Location: London (2-3 days/week)
Salary: £80,000 - £100,000 + Bonus DOE
The Green Recruitment Company are delighted to be working with one of the biggest renewable energy producers and solutions providers in Europe in their search for a skilled Senior Data Engineer/Data Manager to play a significant role in their digitalisation and data-centric growth.
As a key member of the Trading Software team, you would have the exciting opportunity to develop an original framework that enables the Origination & Trading team to meet their strategic goals – using large-scale data sets.
This individual would be providing data handling & development expertise to a range of internal teams (including traders and analysts), so experience and a proven ability to work with large-scale data in commodity/energy trading markets is essential - ideally using Python.

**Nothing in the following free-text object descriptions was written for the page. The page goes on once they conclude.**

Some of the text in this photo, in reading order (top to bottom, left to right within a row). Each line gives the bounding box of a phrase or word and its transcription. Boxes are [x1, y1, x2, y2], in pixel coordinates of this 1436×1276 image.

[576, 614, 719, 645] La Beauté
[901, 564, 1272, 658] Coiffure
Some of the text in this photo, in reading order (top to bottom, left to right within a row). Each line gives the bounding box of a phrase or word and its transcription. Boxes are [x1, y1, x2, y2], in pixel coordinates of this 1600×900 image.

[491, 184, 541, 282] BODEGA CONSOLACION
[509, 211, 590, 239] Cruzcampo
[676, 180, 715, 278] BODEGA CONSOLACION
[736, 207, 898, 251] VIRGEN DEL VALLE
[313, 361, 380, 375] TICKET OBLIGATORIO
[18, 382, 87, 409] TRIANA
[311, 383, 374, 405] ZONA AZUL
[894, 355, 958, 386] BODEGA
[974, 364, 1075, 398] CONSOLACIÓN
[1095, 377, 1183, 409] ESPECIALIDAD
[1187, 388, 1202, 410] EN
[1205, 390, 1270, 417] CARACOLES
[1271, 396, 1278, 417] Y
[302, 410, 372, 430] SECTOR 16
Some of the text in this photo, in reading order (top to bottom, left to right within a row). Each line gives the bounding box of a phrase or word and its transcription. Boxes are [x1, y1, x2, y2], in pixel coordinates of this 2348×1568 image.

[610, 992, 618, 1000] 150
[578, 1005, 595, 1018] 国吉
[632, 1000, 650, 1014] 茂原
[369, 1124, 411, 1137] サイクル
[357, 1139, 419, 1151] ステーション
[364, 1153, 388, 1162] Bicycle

Ensuring the Origination & Trading (O&T) team’s data sets are genuine and accurate and create new processes of data testing as required.
Execute effective and secure procedures for data handling and analysis and provide support to internal teams when data sets are missing or incorrect.
Employ best practices when organising and cleaning data and report any missing data.
Analyse data systems and assets for O&T and assess performance, suggesting ways to become more effective.
Oversee O&T’s existing data sets and procedures.
Analyse end-user requirements, ensuring their needs are met.
Co-ordinate, prioritize and ensure operationalization of data to production systems as and when required.
Collaborate with Data Vendor Management regarding data sourcing, extraction and reporting as needed.
Ensure data usage and management protocols are within legal and company requirements.
Python expertise (data-related packages such as pandas & NumPy is a big plus).
Experience working in commodity/energy trading markets.
Proven ability to manage and store large-scale data in commodity/energy trading markets.
Programming experience in Spark, SQL, and API development.
Strong data pipeline engineering skills & Database Architecture understanding.
Relevant academic background – within a STEM, analytical, or financial subject.
Ability to collaborate across different functions and communicate effectively.